With the authorities fighting a losing battle against the increasing traffic snarls, the launch of the Rapido bike taxi service here may provide some relief to commuters stuck for hours daily in traffic jams in the Meghalaya capital.
The bike taxi was launched here today with about 150-odd bike owners registering with the company. “We have registered local boys and girls at this stage,” Suman Acharjee, city head of Rapido, said.
Shillong will be the second city after Guwahati where the Benguluru-based company is launching its app-based service. “We are trying to get the largest number of female bikers or captains from Shillong,” he added.
The Rapido service will cover the city from Laitkor-Elephant Falls (Upper Shillong) to Mawiong in the initial stages. “The charge will be Rs 29 for 4 km and Re 1 for waiting per minute,” he informed.
Under the company’s guidelines, each biker’s credentials will be vetted by the local headmen and other documents like licences will be checked by the company.
Every bike will also keep raincoats in the weather-sensitive State capital, prone to rainfall. Company executives said every aspect of commuter interests would be taken care of.
“Both the commuter and the captain will get an insurance cover of Rs 30,000 and Rs 50,000 respectively in case of minor injuries. In the case of death, the commuter and the biker will be covered with a Rs 5 lakh insurance,” Acharjee said.
The service will be available from 6 am till 12 am. “The timing and the service area will be increased based on feedback of customers,” Rapido executives said.
At present four female riders have registered with the company.

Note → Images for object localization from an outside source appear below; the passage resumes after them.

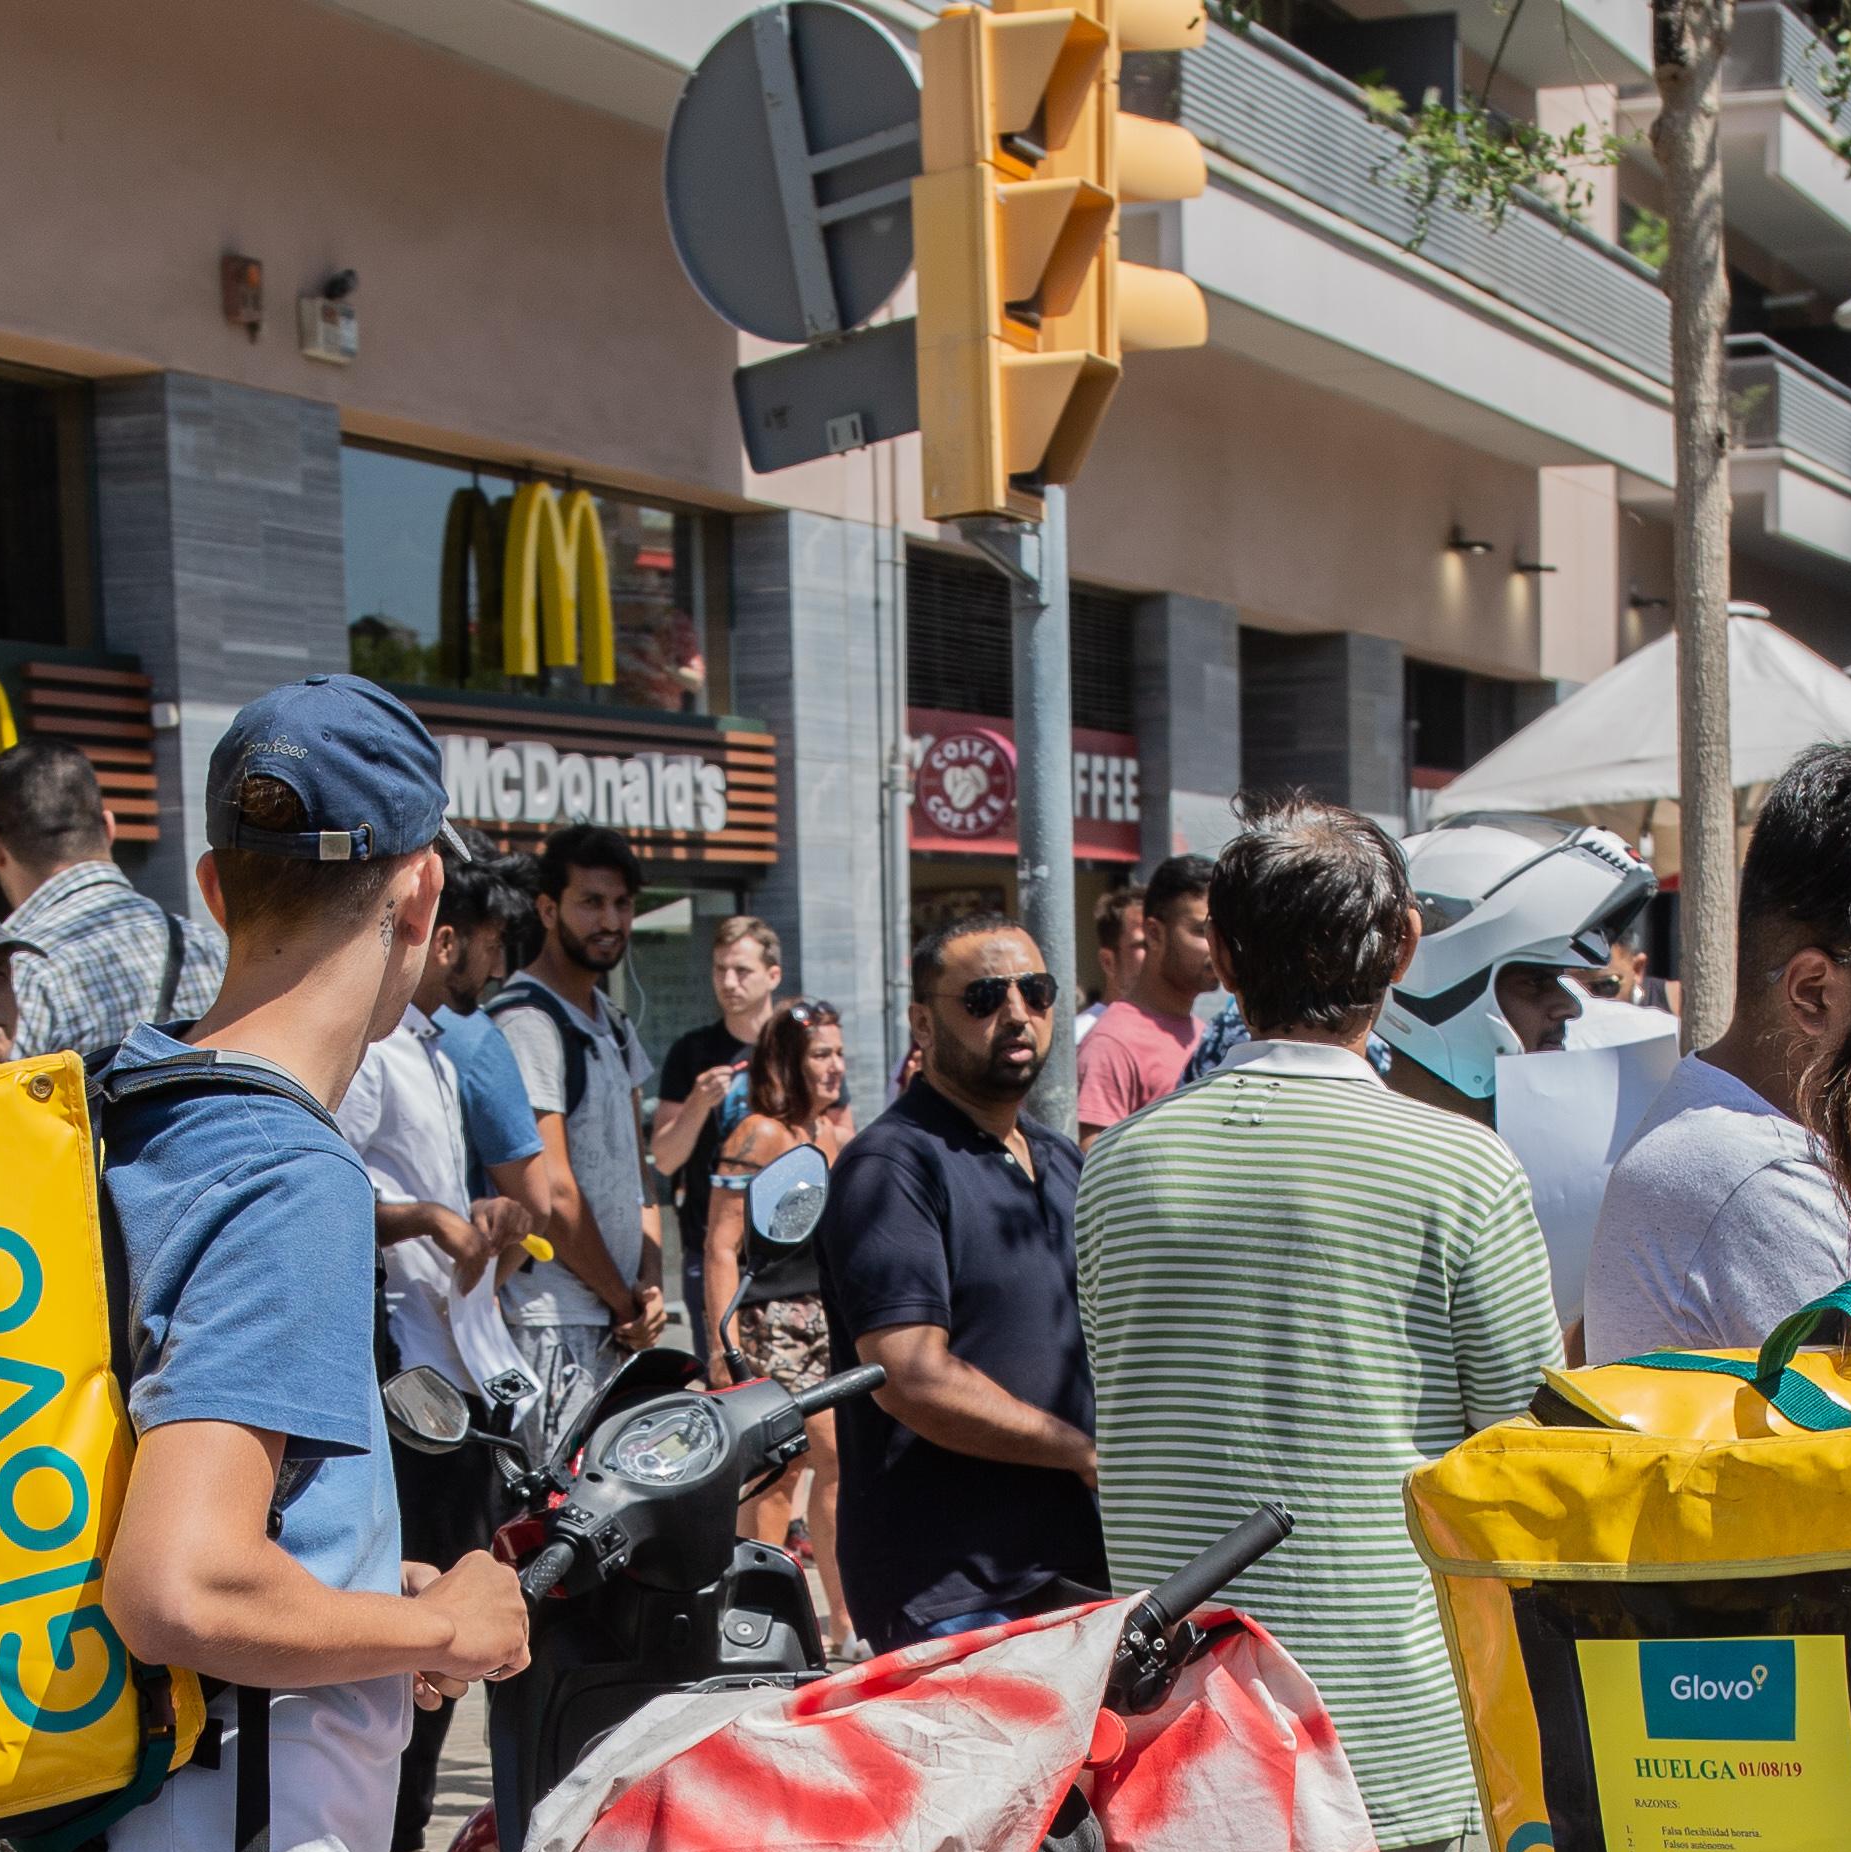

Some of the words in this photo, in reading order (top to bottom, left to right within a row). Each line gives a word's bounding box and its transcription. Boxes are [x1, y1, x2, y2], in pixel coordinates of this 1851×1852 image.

[931, 739, 995, 769] COSTA
[442, 734, 727, 832] McDonald's
[1073, 752, 1140, 821] FFEE
[927, 795, 1005, 830] COFFEE
[1670, 1674, 1753, 1701] Glovo
[1634, 1758, 1736, 1779] HUELGA
[1738, 1761, 1803, 1777] 01/08/19
[1634, 1798, 1680, 1809] RAZONES:
[1662, 1826, 1682, 1836] Falsa
[1684, 1826, 1729, 1837] flexibilidad
[1664, 1839, 1689, 1849] Falsos

Acharjee said that the bike taxi would provide relief to the commuters in the State capital with its growing traffic problems and narrow roads.
At present there are local taxis and State transport buses. However, the taxi operators at times draw flak for flouting rules and refusing to ferry passengers.

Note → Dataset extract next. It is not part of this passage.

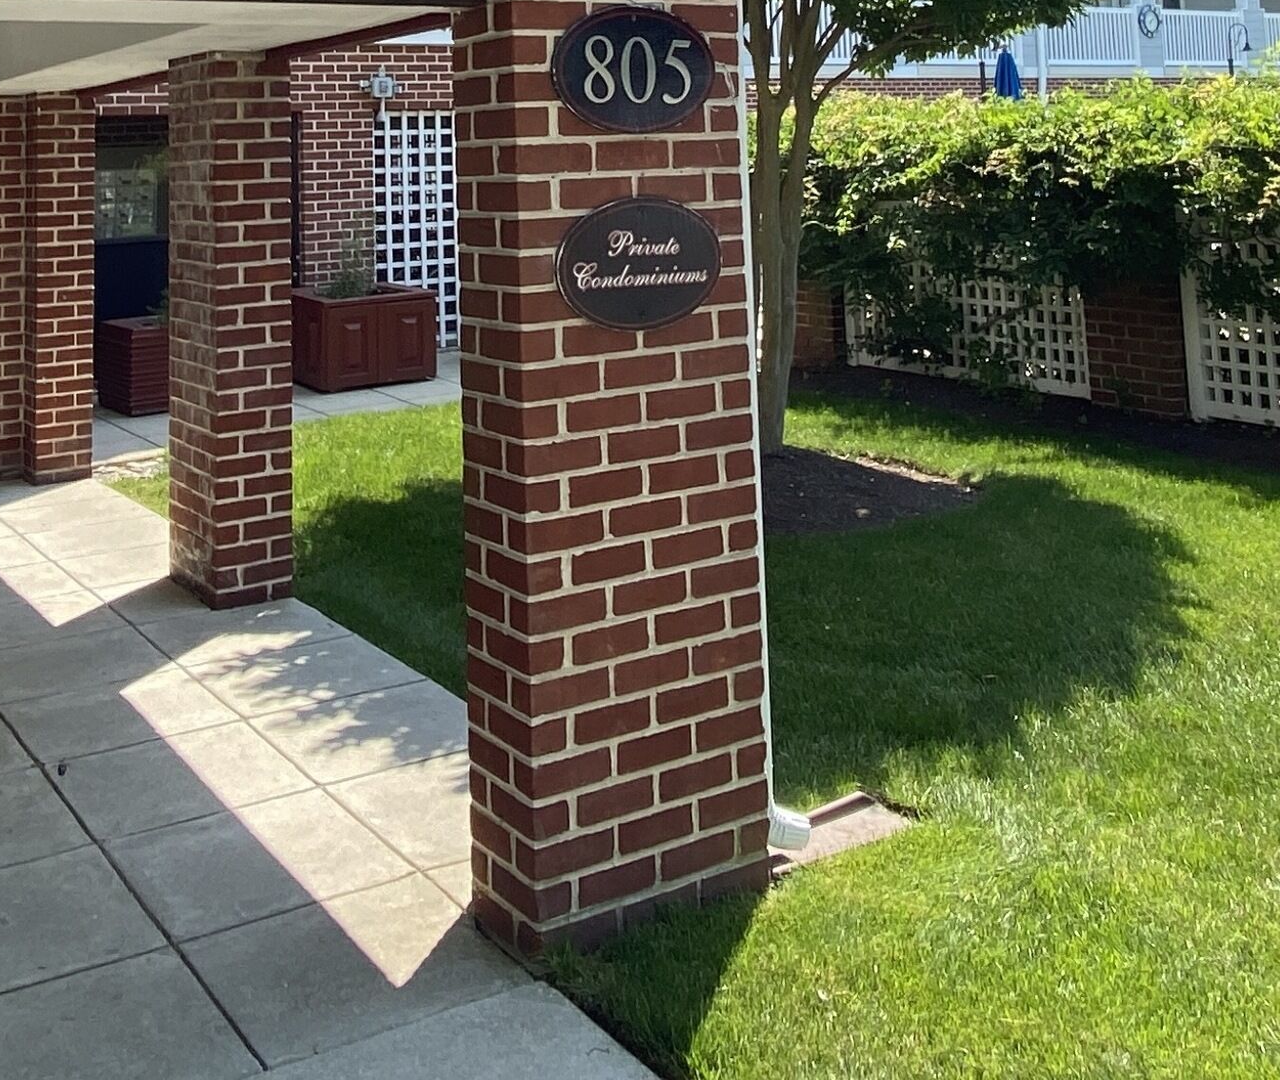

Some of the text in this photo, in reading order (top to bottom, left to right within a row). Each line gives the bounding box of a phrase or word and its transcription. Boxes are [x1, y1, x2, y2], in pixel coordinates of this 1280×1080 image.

[583, 34, 692, 105] 805
[607, 229, 681, 258] Private
[572, 261, 709, 291] Condominiums

The State buses and maxi cabs with poor maintenance are always cramped and take longer time for communication with several halts.
The launch of the Rapido service will also provide employment to the locals. Many of the bikers who have registered are students looking for part-time job opportunities.
Acharjee said that on an average, a biker can earn Rs 25,000 every month. One of the female bikers who has registered with Rapido is a young mother who has taken up the job in the hope that it will make her financially independent. The other female biker is a student.